── Listed records

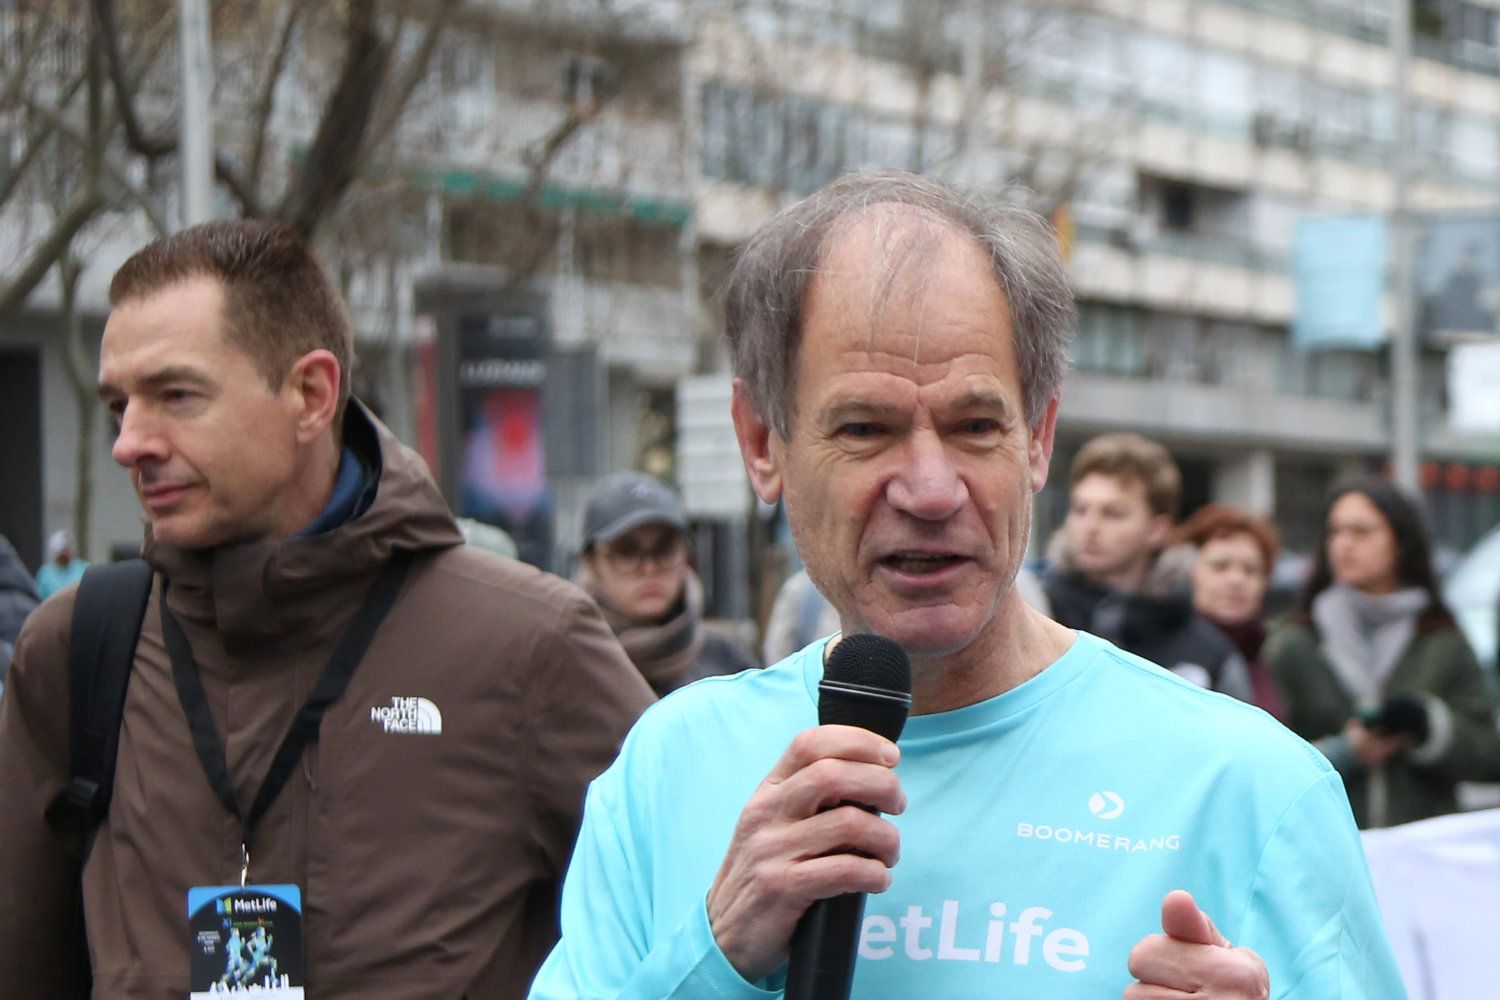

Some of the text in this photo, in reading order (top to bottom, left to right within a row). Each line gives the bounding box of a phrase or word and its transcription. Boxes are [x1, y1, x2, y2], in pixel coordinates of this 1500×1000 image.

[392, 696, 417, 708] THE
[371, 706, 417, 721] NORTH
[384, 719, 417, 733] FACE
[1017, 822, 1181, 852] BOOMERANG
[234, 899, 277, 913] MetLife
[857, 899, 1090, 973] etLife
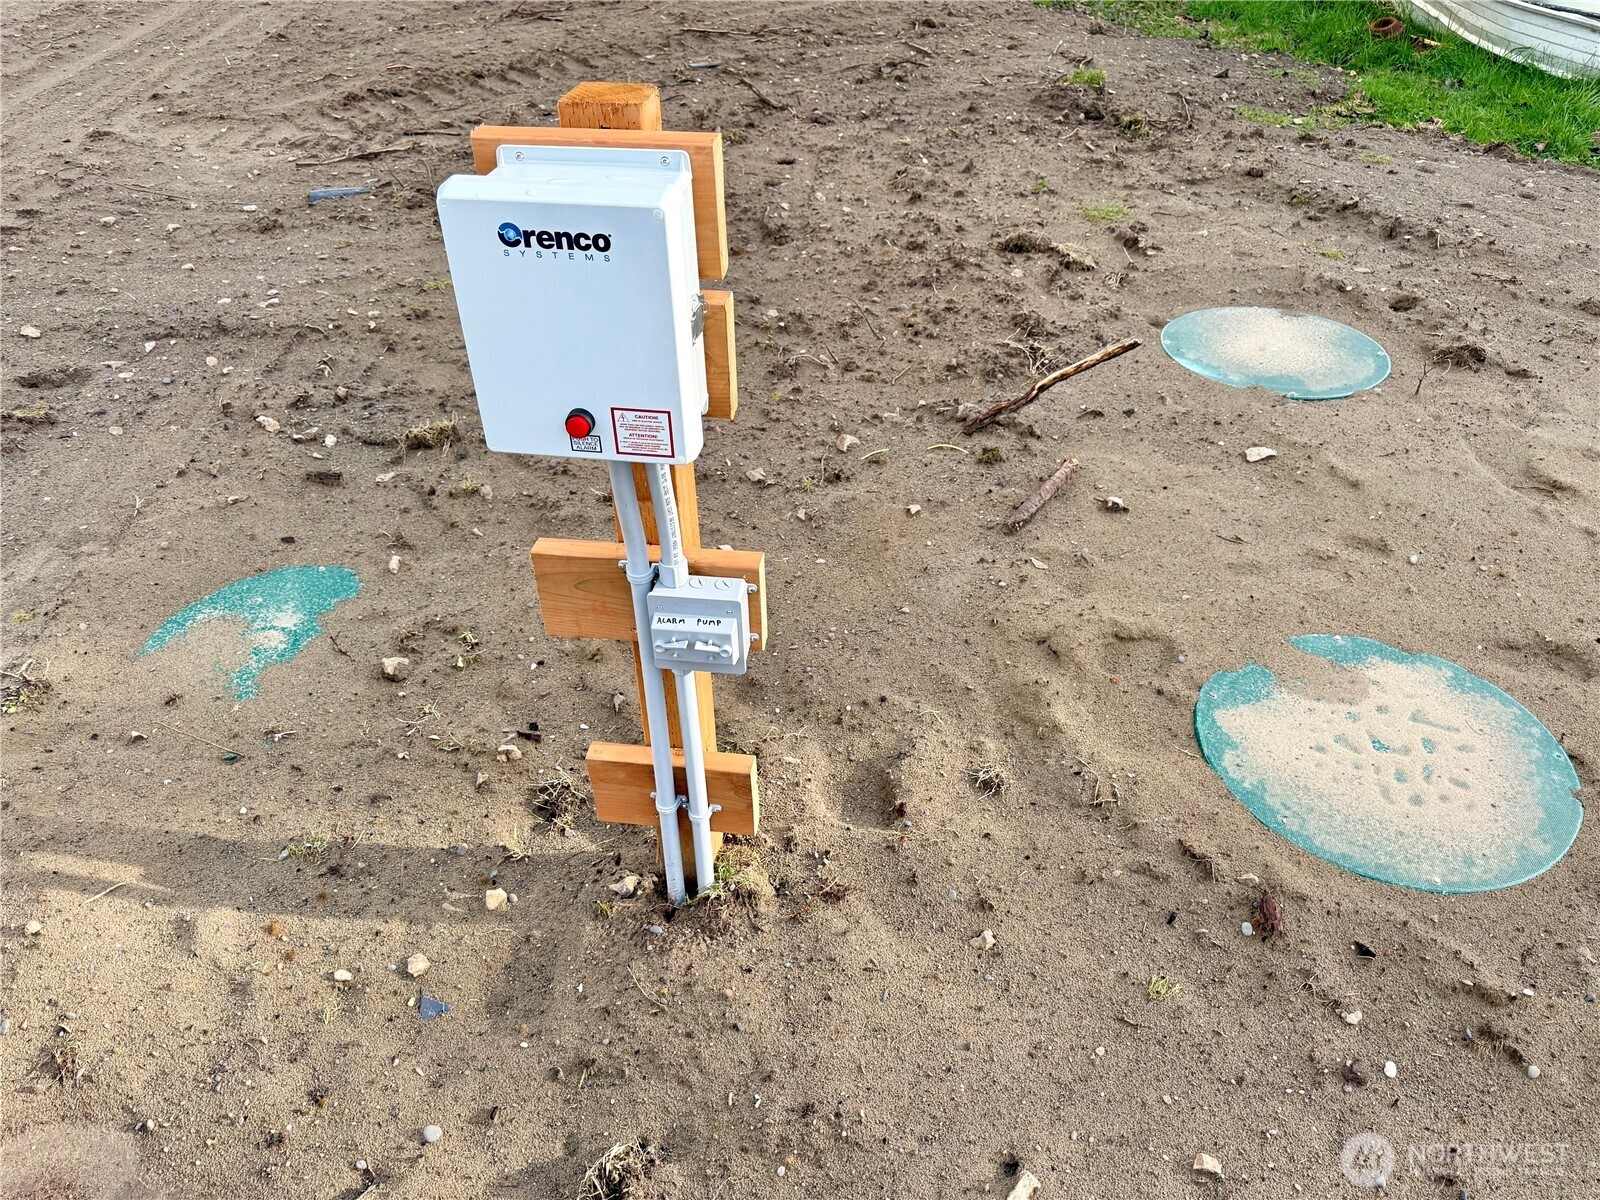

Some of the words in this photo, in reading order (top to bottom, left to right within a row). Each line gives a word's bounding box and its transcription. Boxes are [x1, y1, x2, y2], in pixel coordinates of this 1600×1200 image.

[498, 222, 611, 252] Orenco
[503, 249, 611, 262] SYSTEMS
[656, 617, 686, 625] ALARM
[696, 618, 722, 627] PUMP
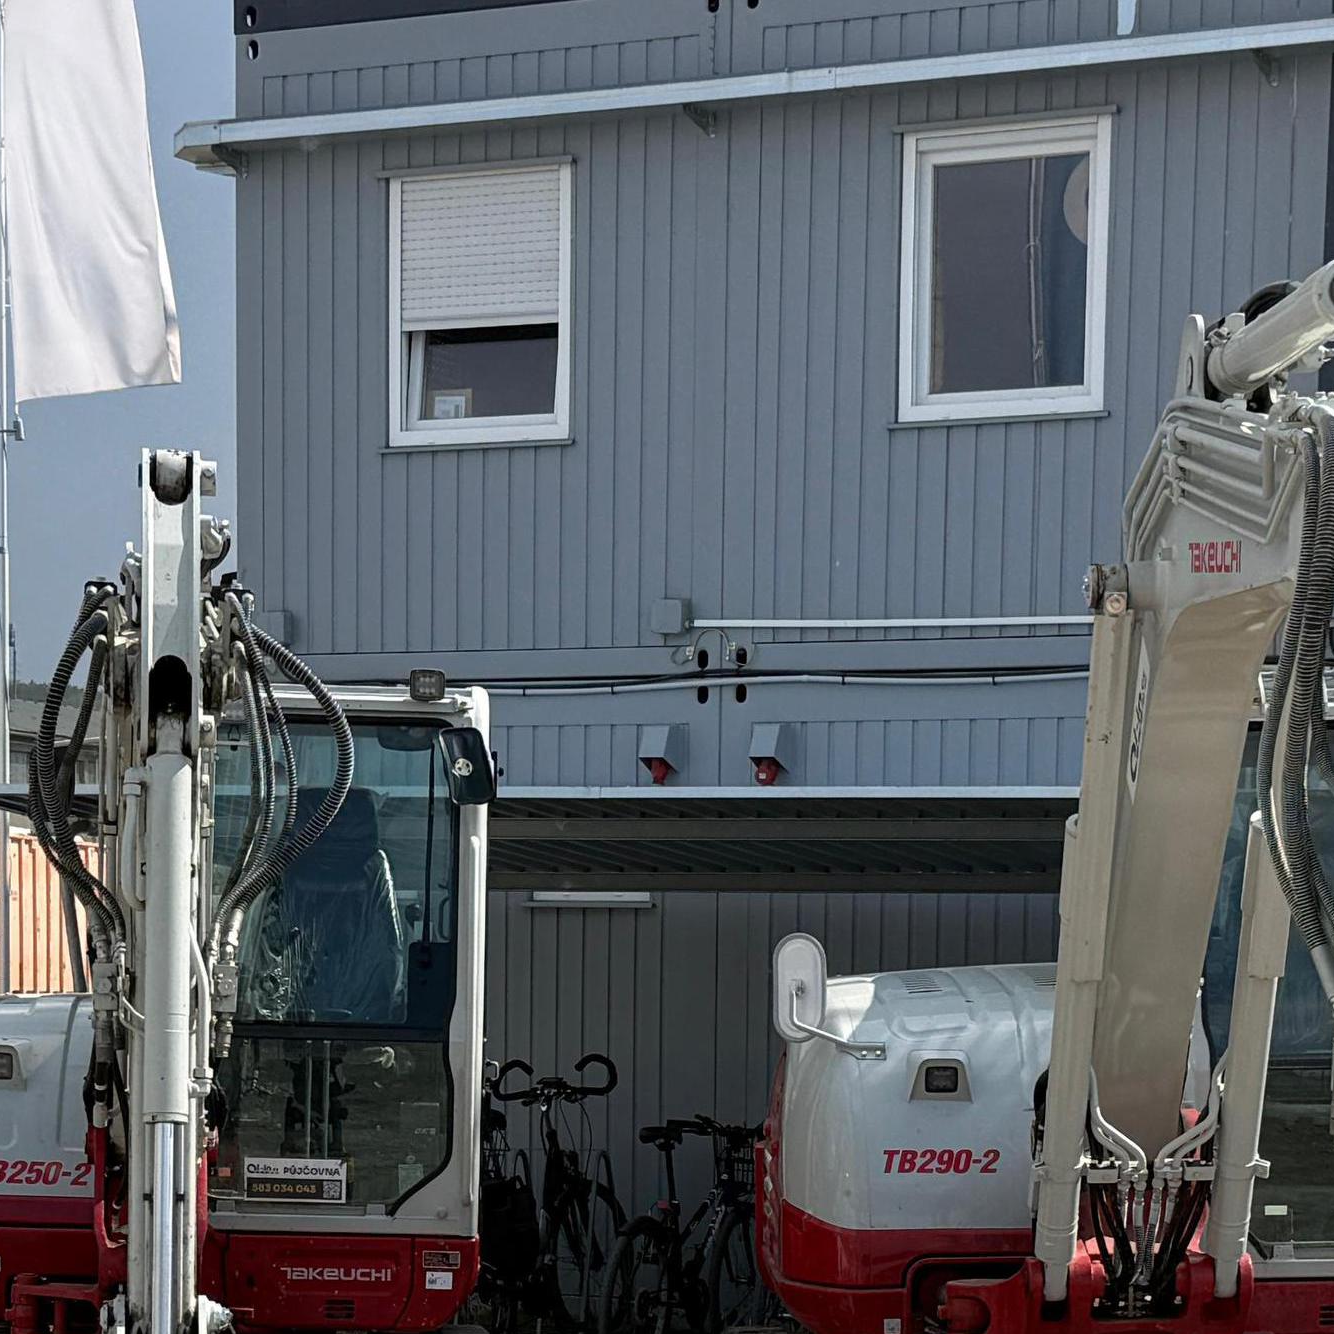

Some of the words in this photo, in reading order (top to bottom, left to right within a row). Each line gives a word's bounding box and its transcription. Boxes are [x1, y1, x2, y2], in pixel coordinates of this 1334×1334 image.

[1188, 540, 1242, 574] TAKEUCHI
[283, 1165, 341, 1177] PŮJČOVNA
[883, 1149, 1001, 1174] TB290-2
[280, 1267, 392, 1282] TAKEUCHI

────

* Exercise aim
Each line above should be returned exactly as written, apart from any pictures.

* Your response
Some of the text in this photo, in reading order (top to bottom, left to right within a row). Each line gives the bounding box of a phrase or word and its transcription. Boxes are [x1, y1, x2, y2], in pixel coordinates of this 1500×1000 image.

[392, 696, 417, 708] THE
[371, 706, 417, 721] NORTH
[384, 719, 417, 733] FACE
[1017, 822, 1181, 852] BOOMERANG
[234, 899, 277, 913] MetLife
[857, 899, 1090, 973] etLife

Some of the words in this photo, in reading order (top to bottom, left to right within a row). Each line gives a word's bounding box and its transcription. Boxes are [x1, y1, x2, y2], in pixel coordinates of this 1600×1200 image.

[498, 222, 611, 252] Orenco
[503, 249, 611, 262] SYSTEMS
[656, 617, 686, 625] ALARM
[696, 618, 722, 627] PUMP

Some of the words in this photo, in reading order (top to bottom, left to right within a row). Each line gives a word's bounding box and its transcription. Boxes are [x1, y1, x2, y2], in pixel coordinates of this 1334×1334 image.

[1188, 540, 1242, 574] TAKEUCHI
[283, 1165, 341, 1177] PŮJČOVNA
[883, 1149, 1001, 1174] TB290-2
[280, 1267, 392, 1282] TAKEUCHI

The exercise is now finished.